Abstract

Previous work has shown that fasting mealworms will live at room tempera­ture for two hundred days, and even at 30°C. they usually live for over a month. During the first two days of starvation the mealworms are restless, and they pass a certain amount of excrement. After this they lie quite still, and pass extremely little excreta. The loss in weight of starving mealworms is different in dry and moist air at one temperature, or in air with the same relative humidity at two temperatures. At 23° C. the mealworms evidently regulate their metabolism, because while they lose weight at different rates in air of various relative humidities, yet they keep the ratio of dry matter to water in their bodies constant (Buxton, 1930). In carrying this work further, I have attempted to find whether the rate at which fasting mealworms evaporate water is proportional at any temperature to the saturation deficiency of the air.
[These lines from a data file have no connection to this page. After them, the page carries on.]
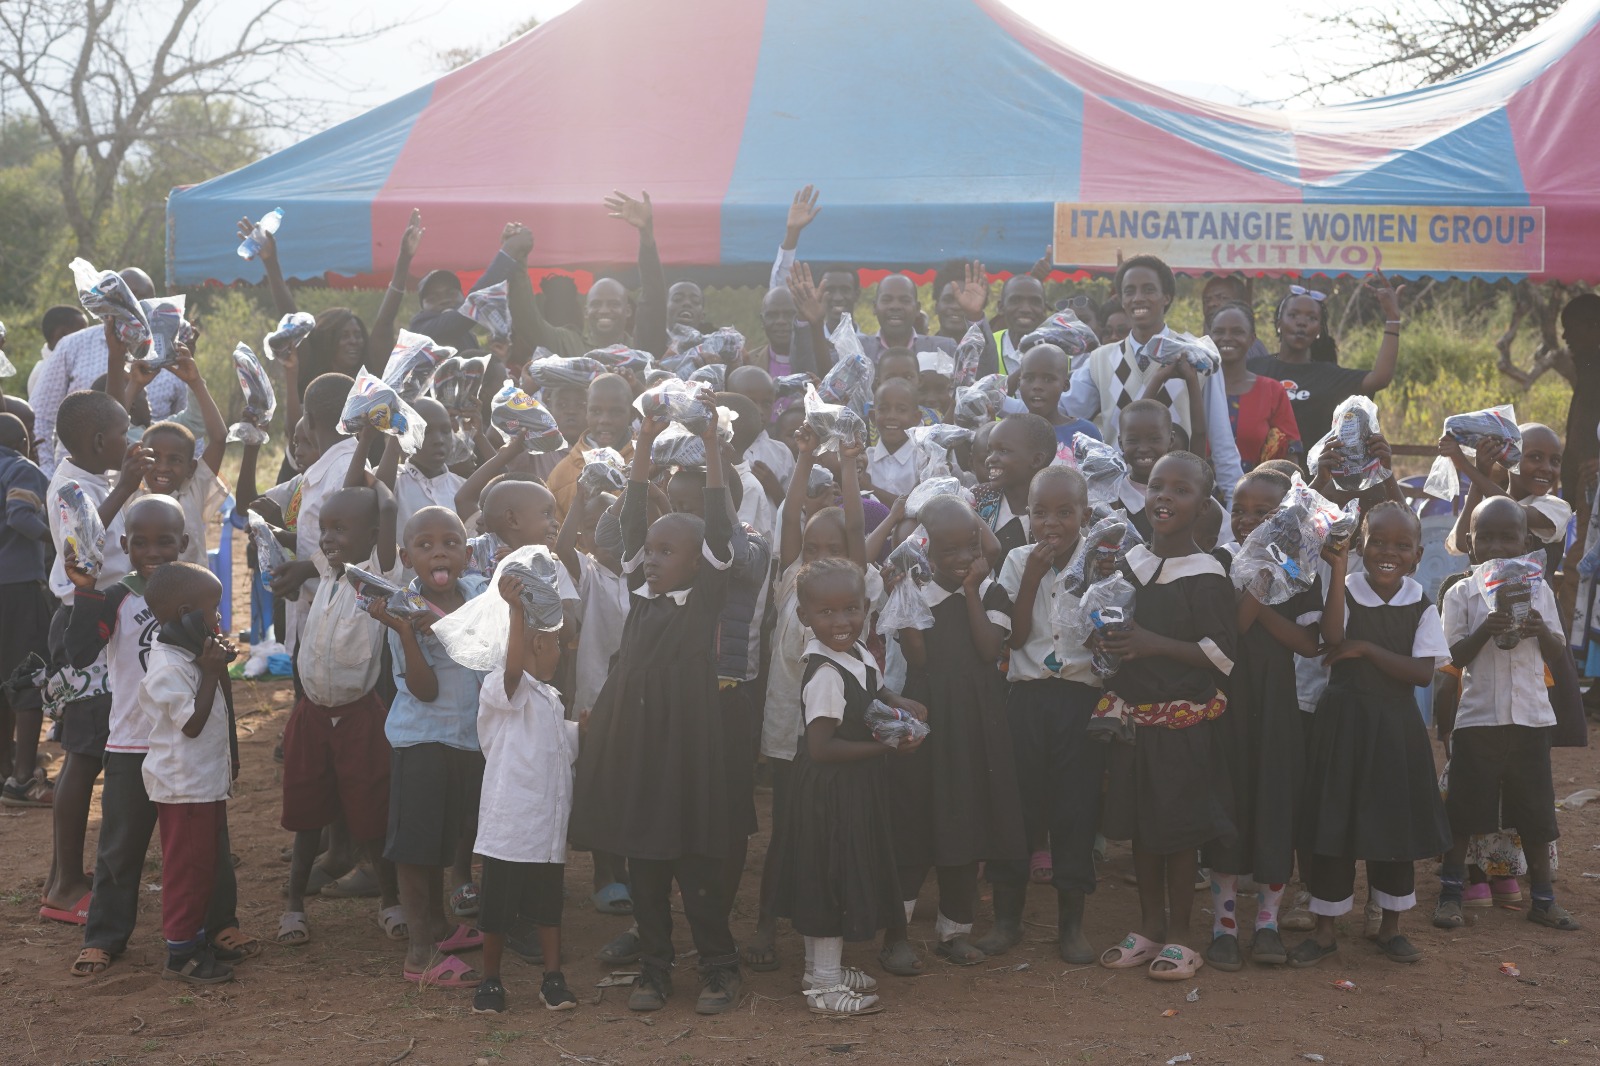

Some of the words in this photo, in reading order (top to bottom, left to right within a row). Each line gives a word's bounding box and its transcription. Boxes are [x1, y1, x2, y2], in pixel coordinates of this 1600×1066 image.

[1071, 209, 1294, 240] ITANGATANGIE
[1302, 213, 1418, 243] WOMEN
[1428, 214, 1536, 244] GROUP
[1211, 243, 1383, 270] (KITIVO)
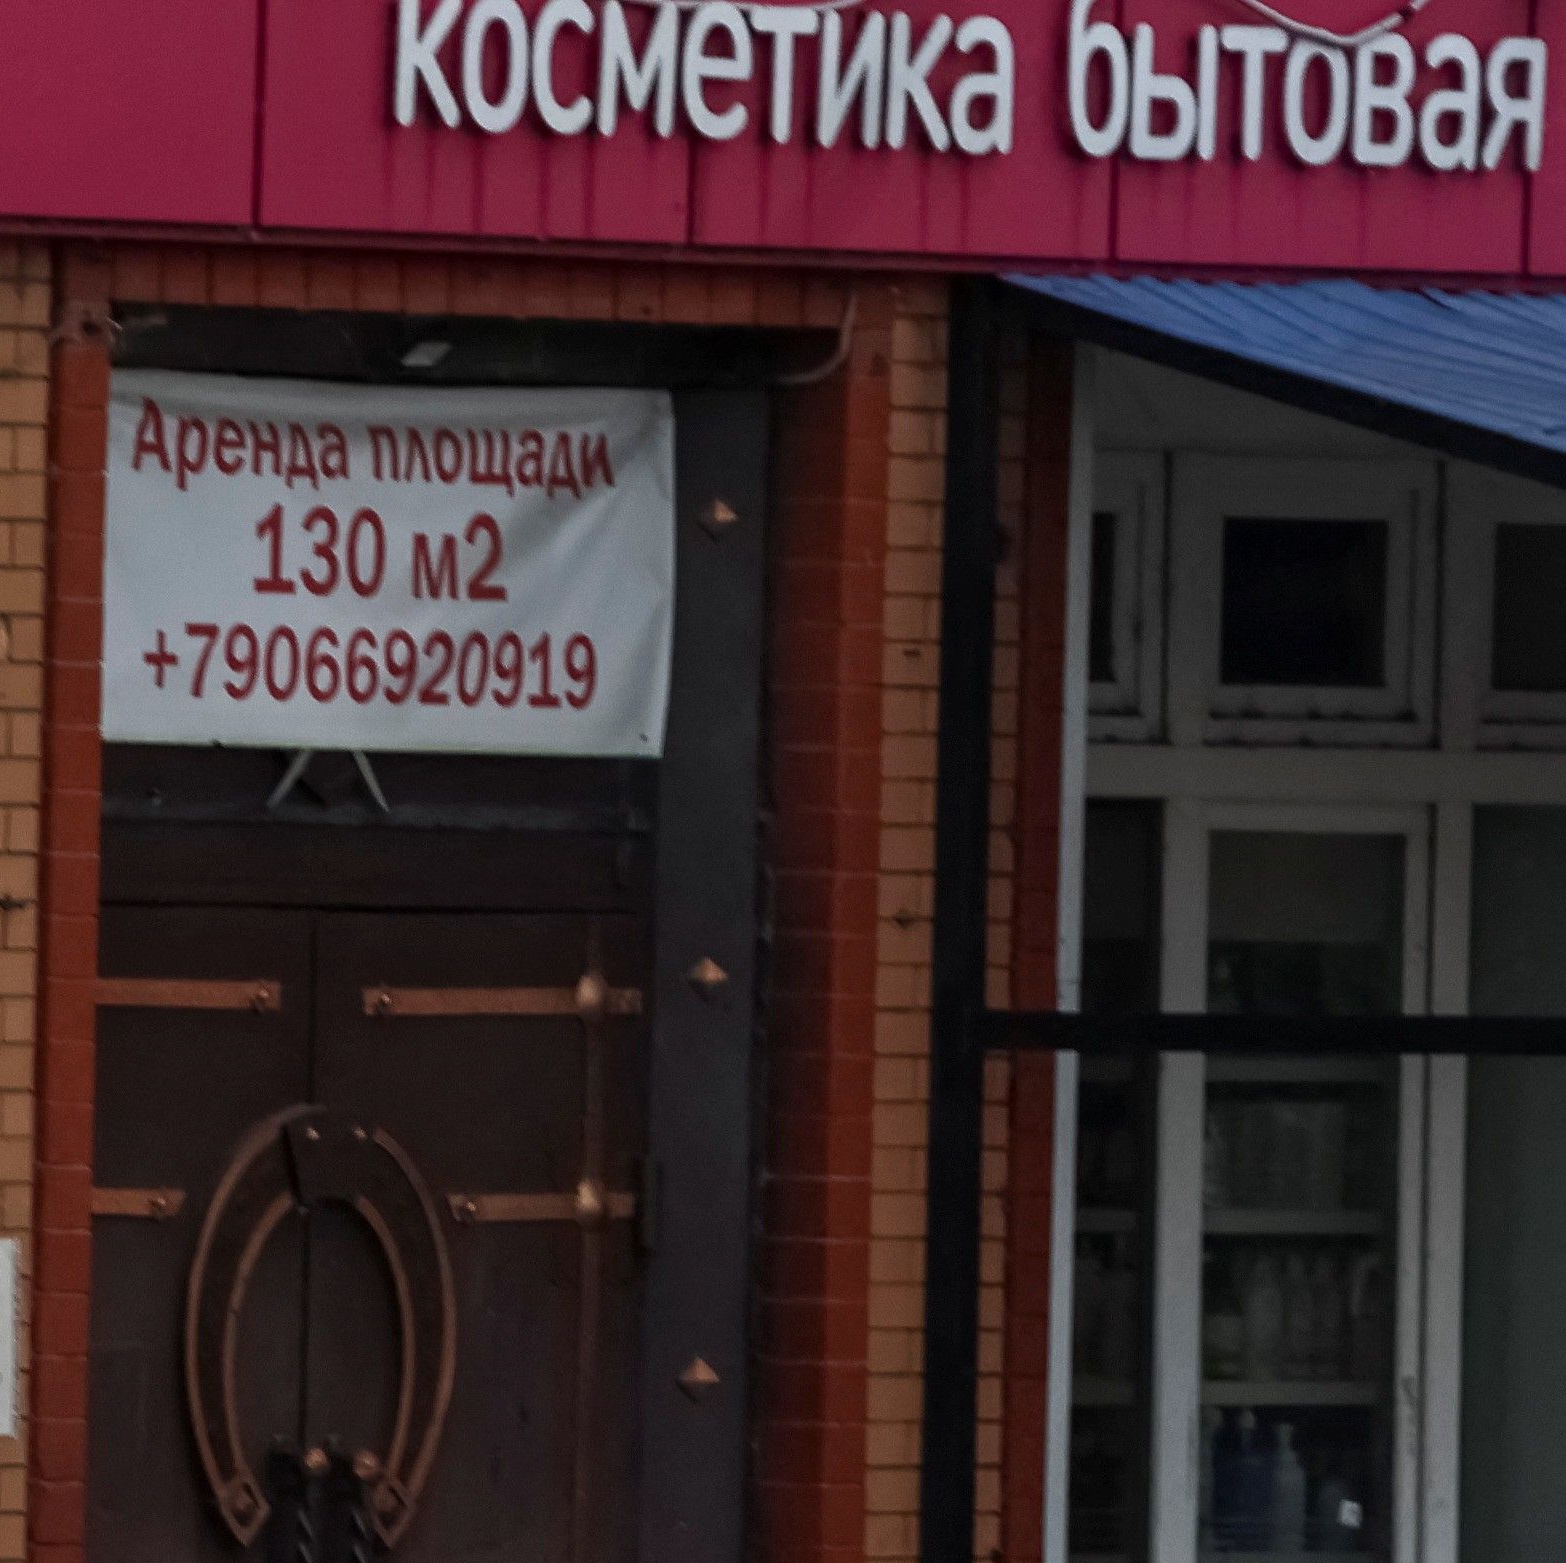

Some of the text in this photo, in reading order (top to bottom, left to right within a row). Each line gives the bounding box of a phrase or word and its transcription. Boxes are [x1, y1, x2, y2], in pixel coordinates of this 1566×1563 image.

[394, 0, 1547, 171] косметика бытовая
[132, 396, 615, 499] Аренда площади
[253, 503, 508, 601] 130 м2
[143, 622, 598, 710] +79066920919
Now the fasting mealworm not only evaporates water present in its body at the start of the experiment, but also considerable quantities of water produced by the metabolism of food reserves during starvation. We can estimate the amount of water present in the mealworms at the start of starvation, and can find how much is left at the end of the experiment; the difference represents part of the total water evaporated. But this method does not indicate any metabolic water which is produced and also evaporated during starvation. If one wishes to know the total water evaporated, it can be collected in a stream of air, or else the loss of food reserves must be estimated and the metabolic water produced calculated from these results. I preferred to use the second method, as it is not easy to measure the actual amount of water given off by insects except into dry air.